* **Dataset**
━━━━━━━━━━━━━━━━

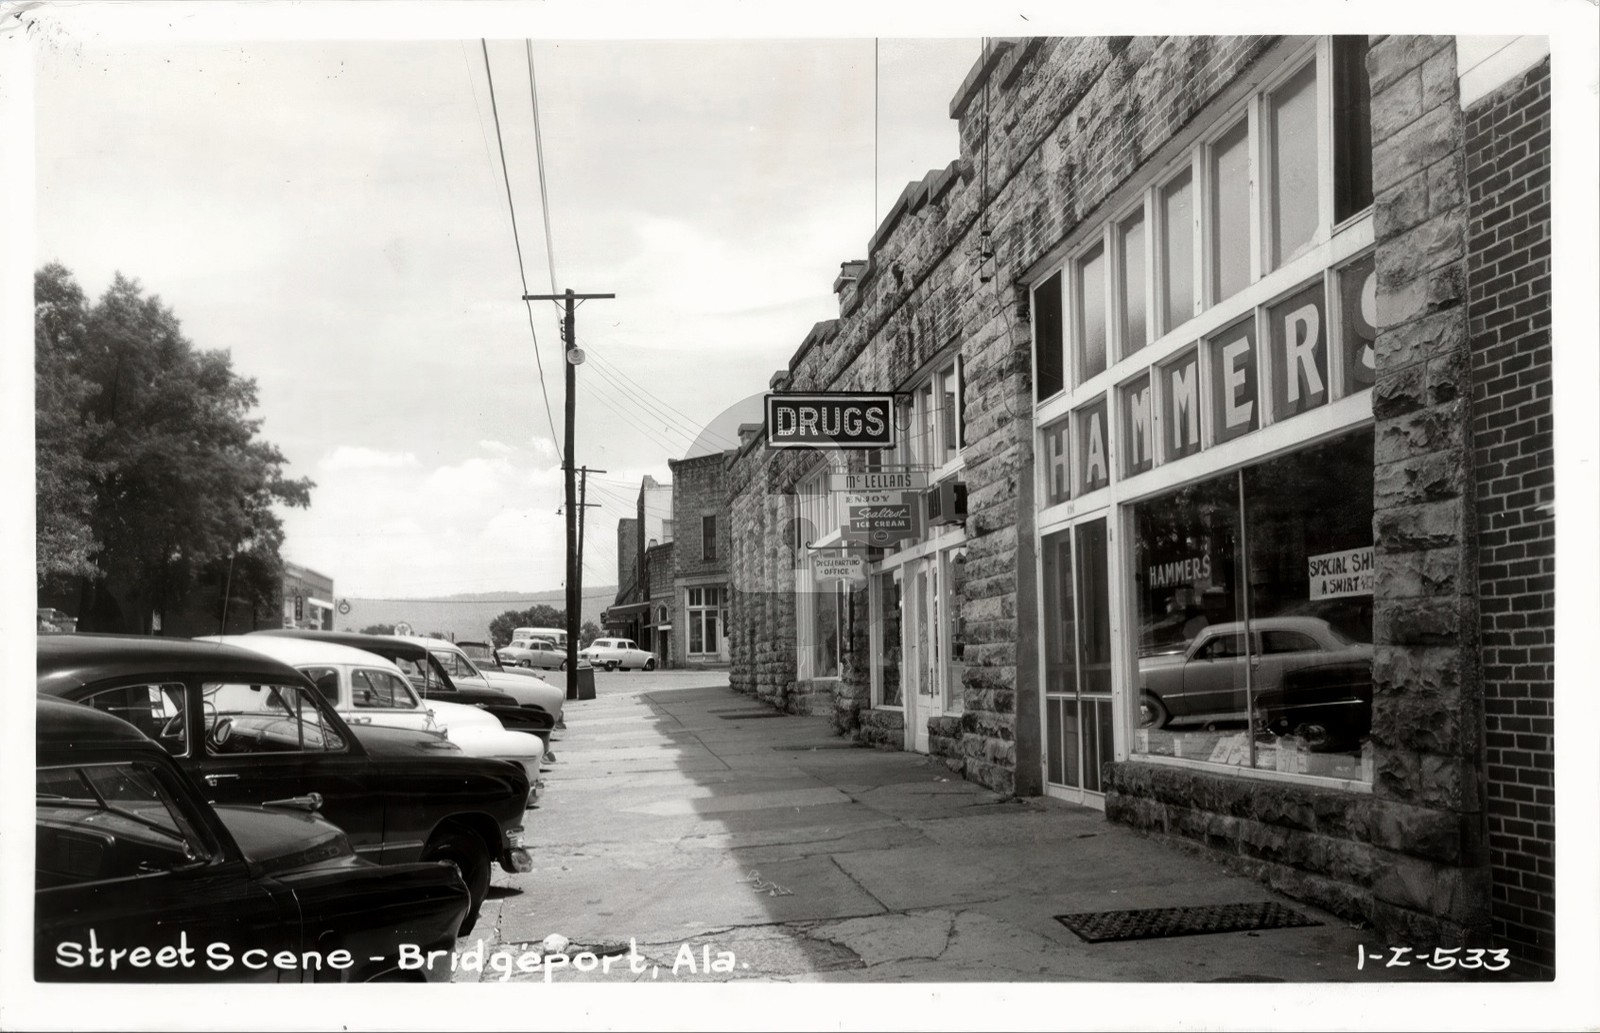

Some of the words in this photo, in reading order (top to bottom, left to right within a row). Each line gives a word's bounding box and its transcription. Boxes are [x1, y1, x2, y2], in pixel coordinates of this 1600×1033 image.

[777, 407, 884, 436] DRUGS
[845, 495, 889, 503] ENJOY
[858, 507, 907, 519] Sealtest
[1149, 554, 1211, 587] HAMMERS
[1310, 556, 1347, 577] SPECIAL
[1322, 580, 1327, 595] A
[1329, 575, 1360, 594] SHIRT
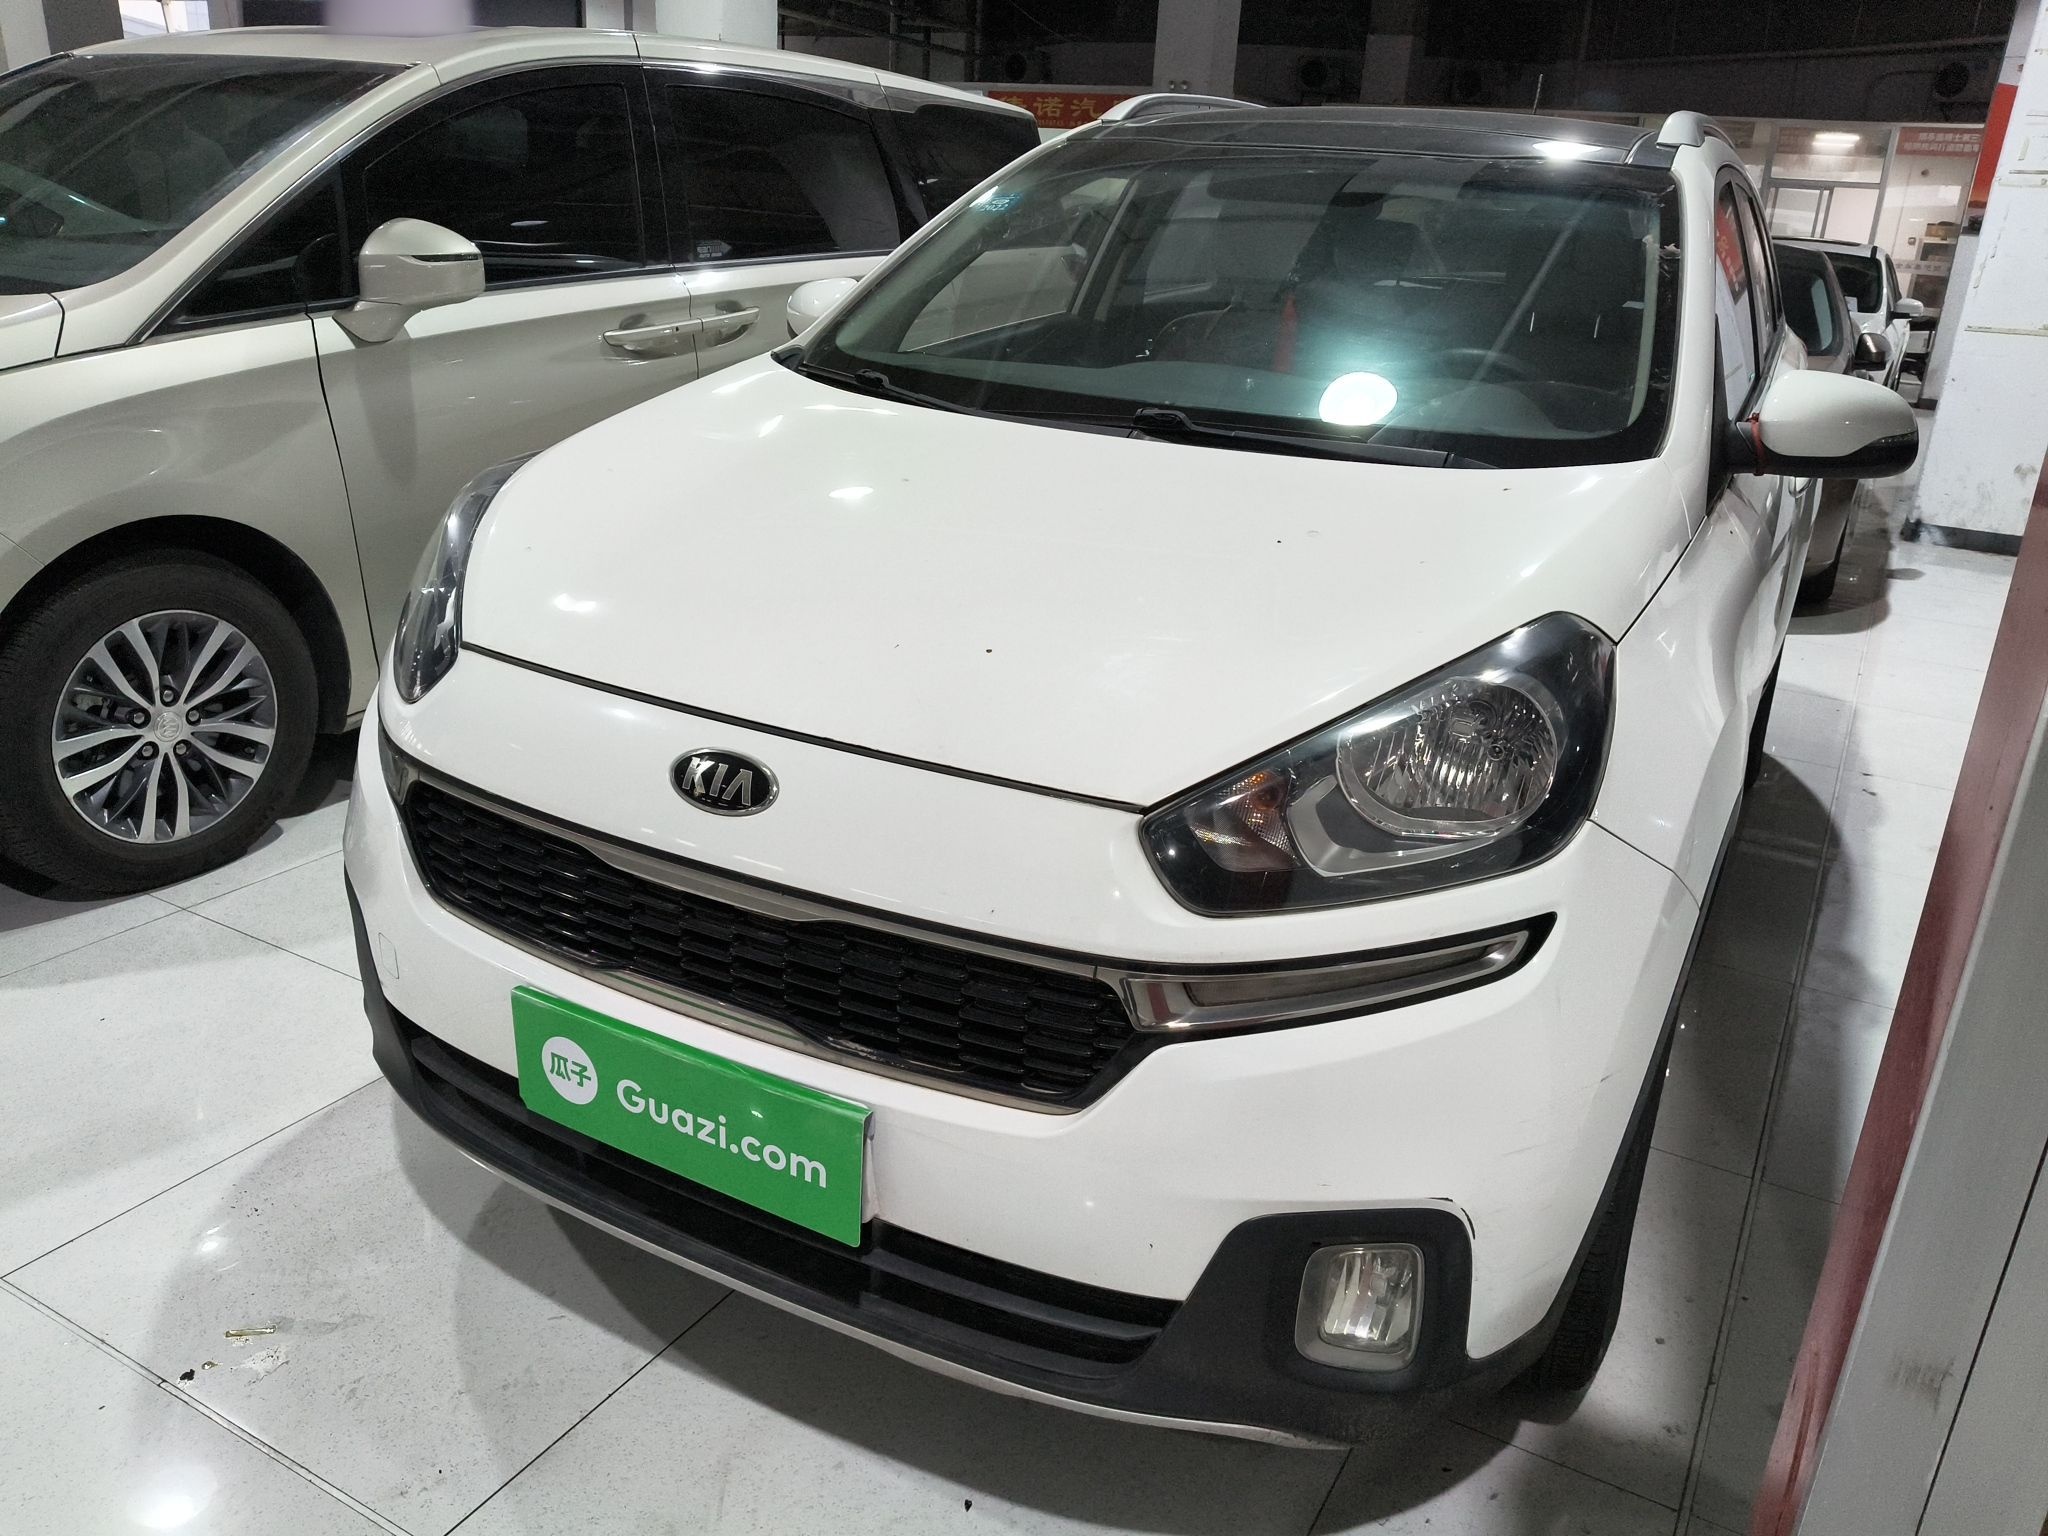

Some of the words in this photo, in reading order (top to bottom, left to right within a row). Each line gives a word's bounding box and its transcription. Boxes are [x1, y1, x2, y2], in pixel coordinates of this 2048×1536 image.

━━━━━━━━━━━━━━━━

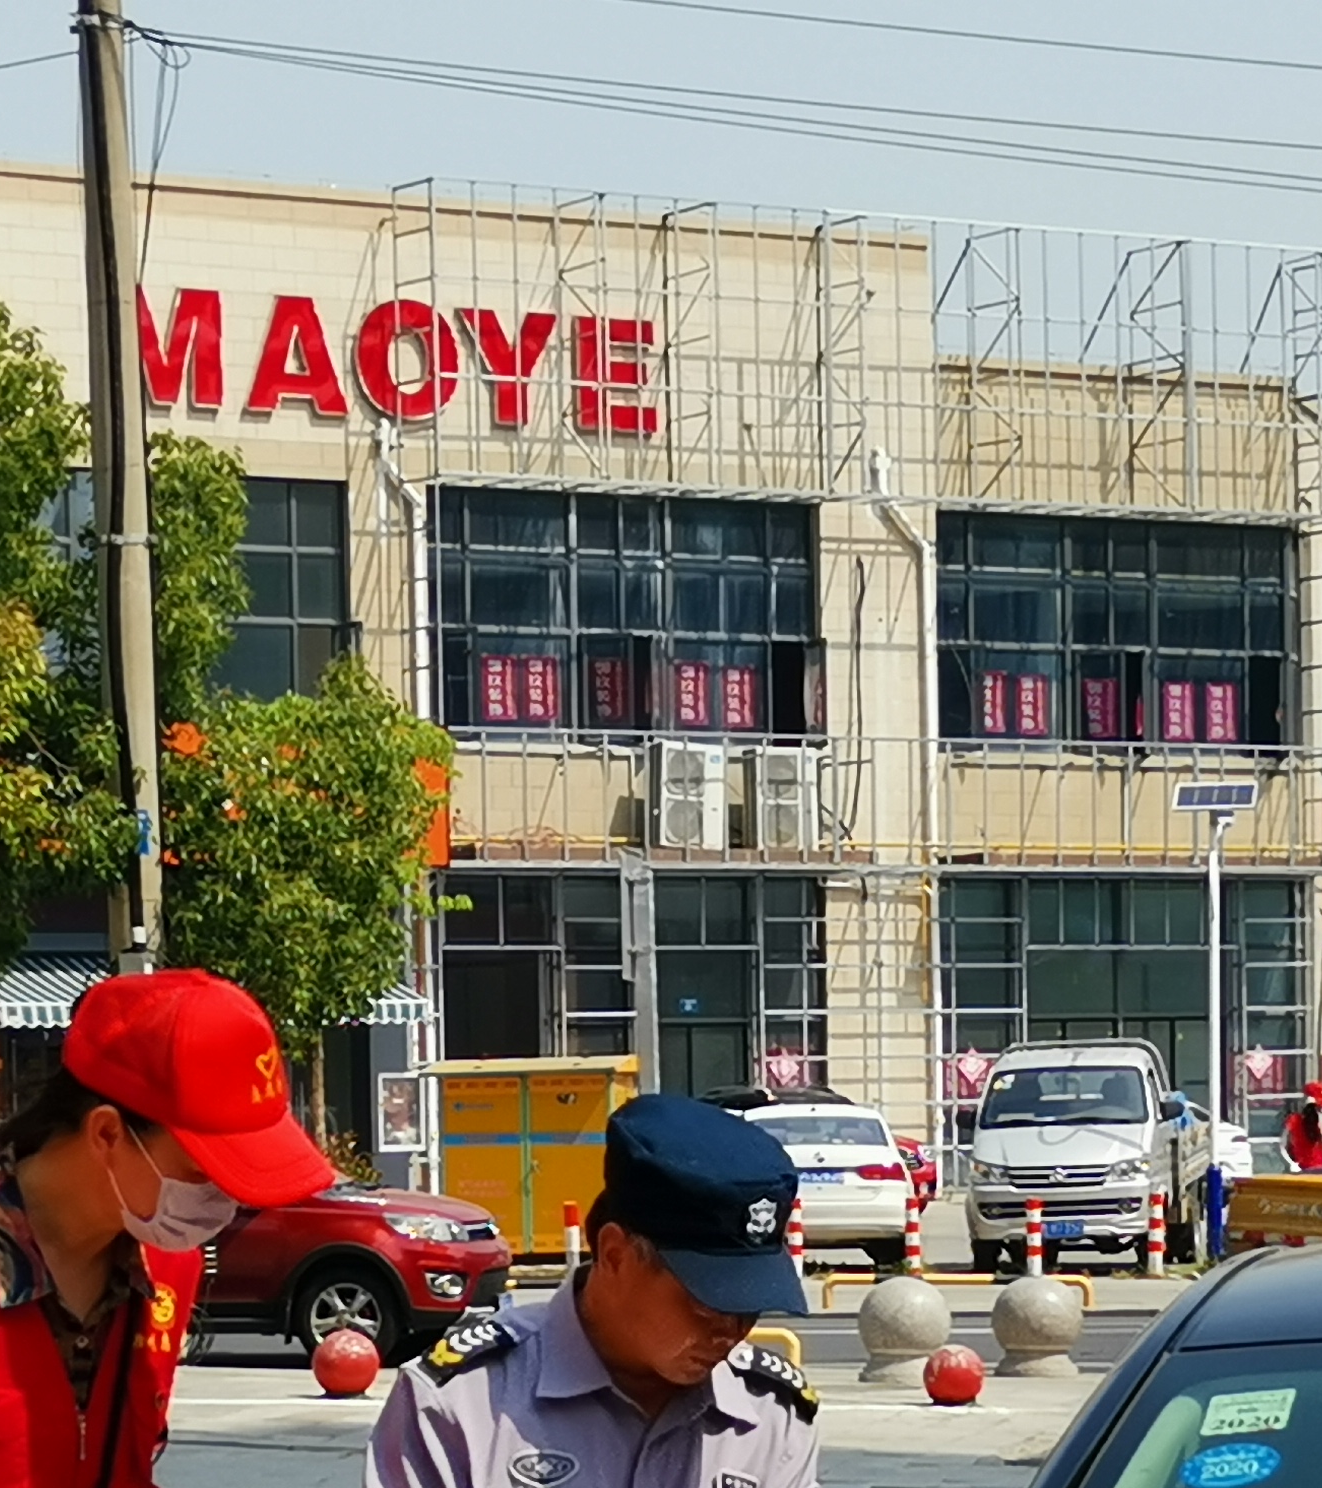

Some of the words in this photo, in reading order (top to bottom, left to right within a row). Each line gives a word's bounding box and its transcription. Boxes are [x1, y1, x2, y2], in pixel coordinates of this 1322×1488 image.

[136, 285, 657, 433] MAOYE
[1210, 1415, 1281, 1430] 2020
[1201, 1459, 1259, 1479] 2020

━━━━━━━━━━━━━━━━

* **Requirement**
Write down exactly what the lines above say, from the line holding "this 1600×1033 image." through the line holding "this 2048×1536 image.", and nothing more. Do not copy the pictures.

* **Your solution**
Some of the words in this photo, in reading order (top to bottom, left to right within a row). Each line gives a word's bounding box and its transcription. Boxes are [x1, y1, x2, y2], in pixel coordinates of this 1600×1033 image.

[777, 407, 884, 436] DRUGS
[845, 495, 889, 503] ENJOY
[858, 507, 907, 519] Sealtest
[1149, 554, 1211, 587] HAMMERS
[1310, 556, 1347, 577] SPECIAL
[1322, 580, 1327, 595] A
[1329, 575, 1360, 594] SHIRT

Some of the words in this photo, in reading order (top to bottom, left to right within a row). Each line gives a word's bounding box and its transcription. Boxes are [x1, y1, x2, y2], in pixel coordinates of this 2048×1536 image.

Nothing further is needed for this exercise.